Artificial intelligence is commonly misunderstood as a technology that will bring omnipotent capability to machines. In reality, it is a technology that radically improves the ability of machines to make predictions. It's our job as data scientists to turn those predictions into actionable judgements, and doing so requires technical know-how and organizational coordination. Companies making the transition to AI must build data and analytics into their core functions, an enterprise that requires careful change management and cross-cutting transparency.
Companies exploring big data and AI technologies often seek to use preexisting architectures, outside datasets, and off-the-shelf libraries. While these assets can be useful for purposes of exposition, rarely are they tailored to the specific challenges the business faces and the quality the business demands. Moreover, companies usually overlook the incredible store of untapped proprietary information they already possess:
- We first scope the strategic objectives a company wishes to serve with artificial intelligence or advanced analytics.

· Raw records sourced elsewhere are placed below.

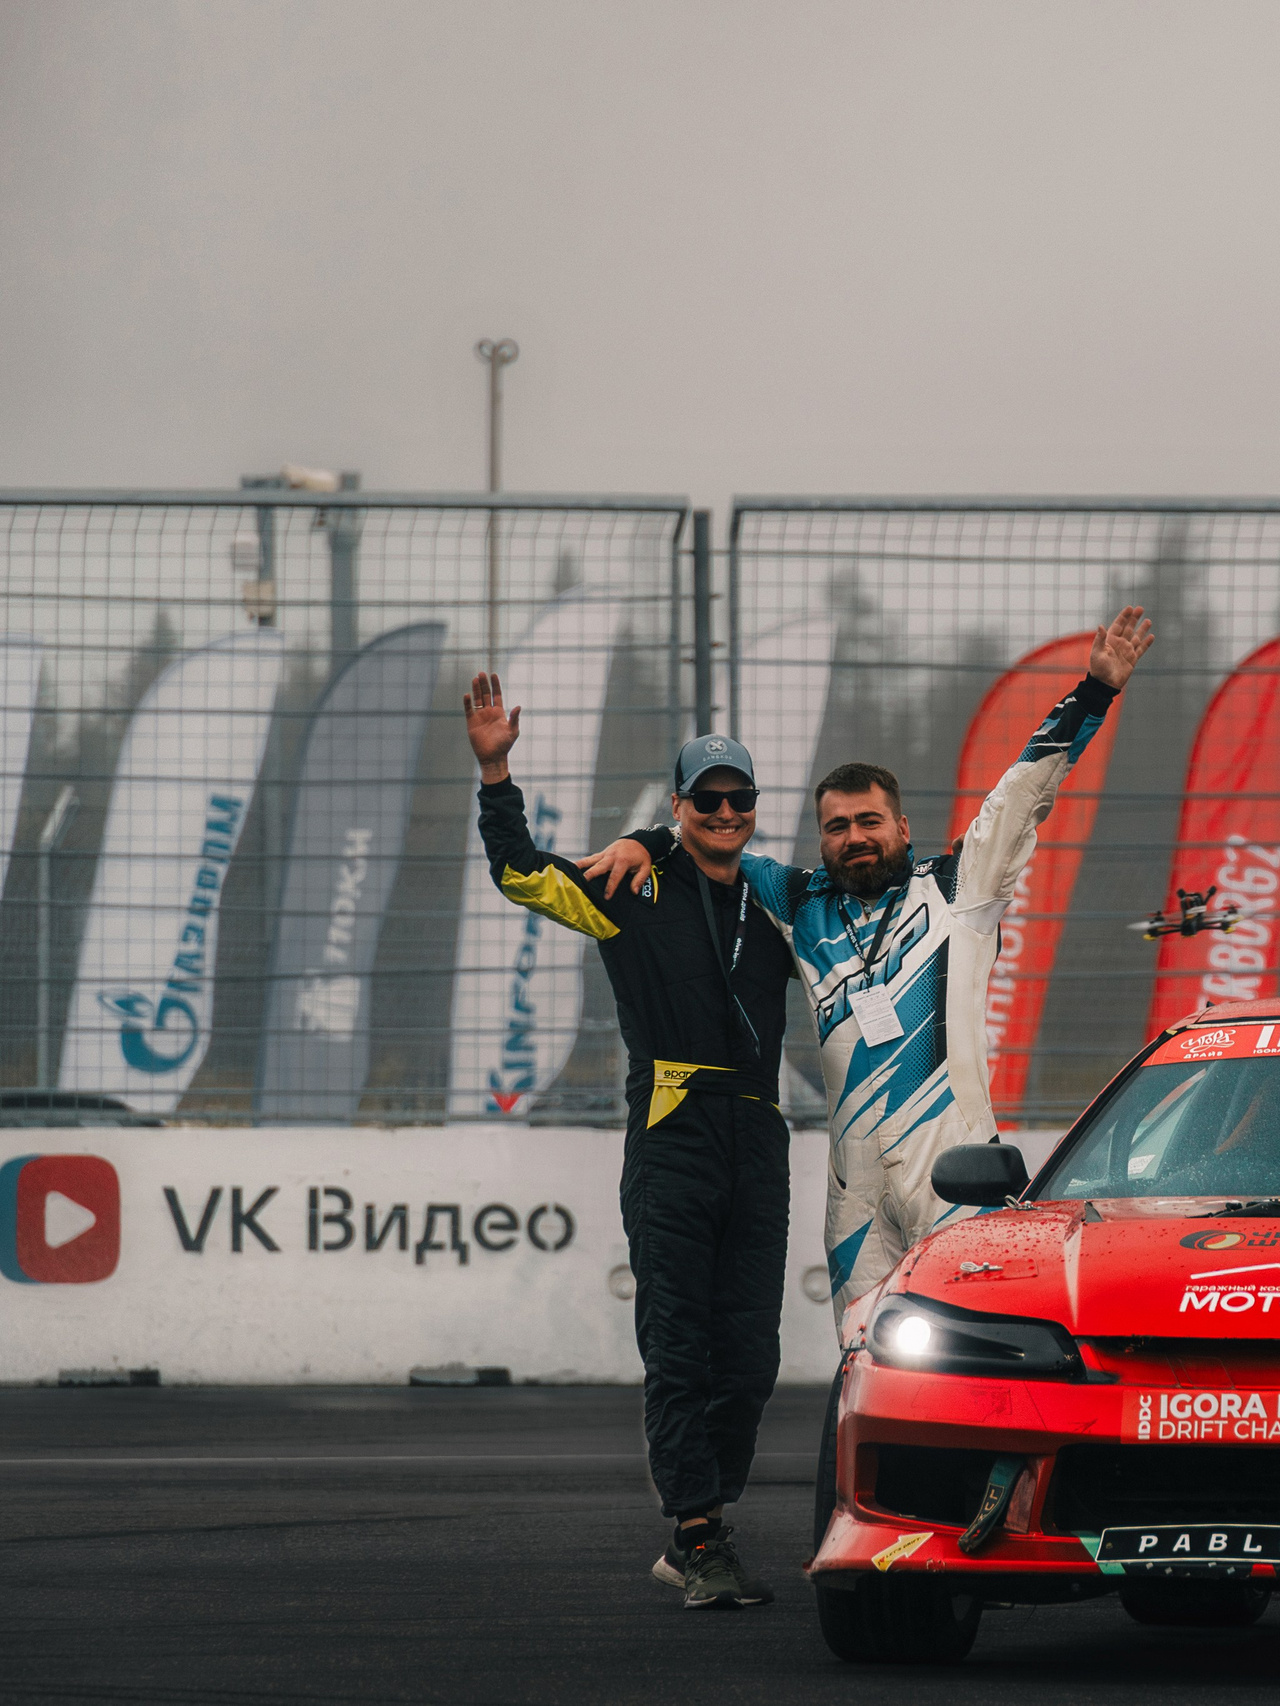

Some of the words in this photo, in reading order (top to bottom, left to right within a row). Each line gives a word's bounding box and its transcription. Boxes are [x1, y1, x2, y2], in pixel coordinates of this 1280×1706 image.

[166, 794, 243, 994] ГАЗПРОМ
[1183, 1051, 1223, 1059] ДРАЙВ
[663, 1069, 692, 1080] spar
[163, 1186, 282, 1253] VK
[307, 1186, 577, 1266] Видео
[1185, 1283, 1257, 1293] гаражный
[1138, 1395, 1152, 1440] IDDC
[1159, 1393, 1267, 1419] IGORA
[1158, 1420, 1229, 1440] DRIFT

- Next, we identify processes that present opportunities of the greatest value.
- After communicating the strategy, we provide the engineering and analytical rigor necessary to implement it.
Our skilled team is prepared to support initiatives involving any number of methods, including supervised and unsupervised machine learning, predictive modeling, customer segmentation, and experimental design. Our development team is fluent in a multitude of industrial front-end and back-end languages, making integration and continued support seamless.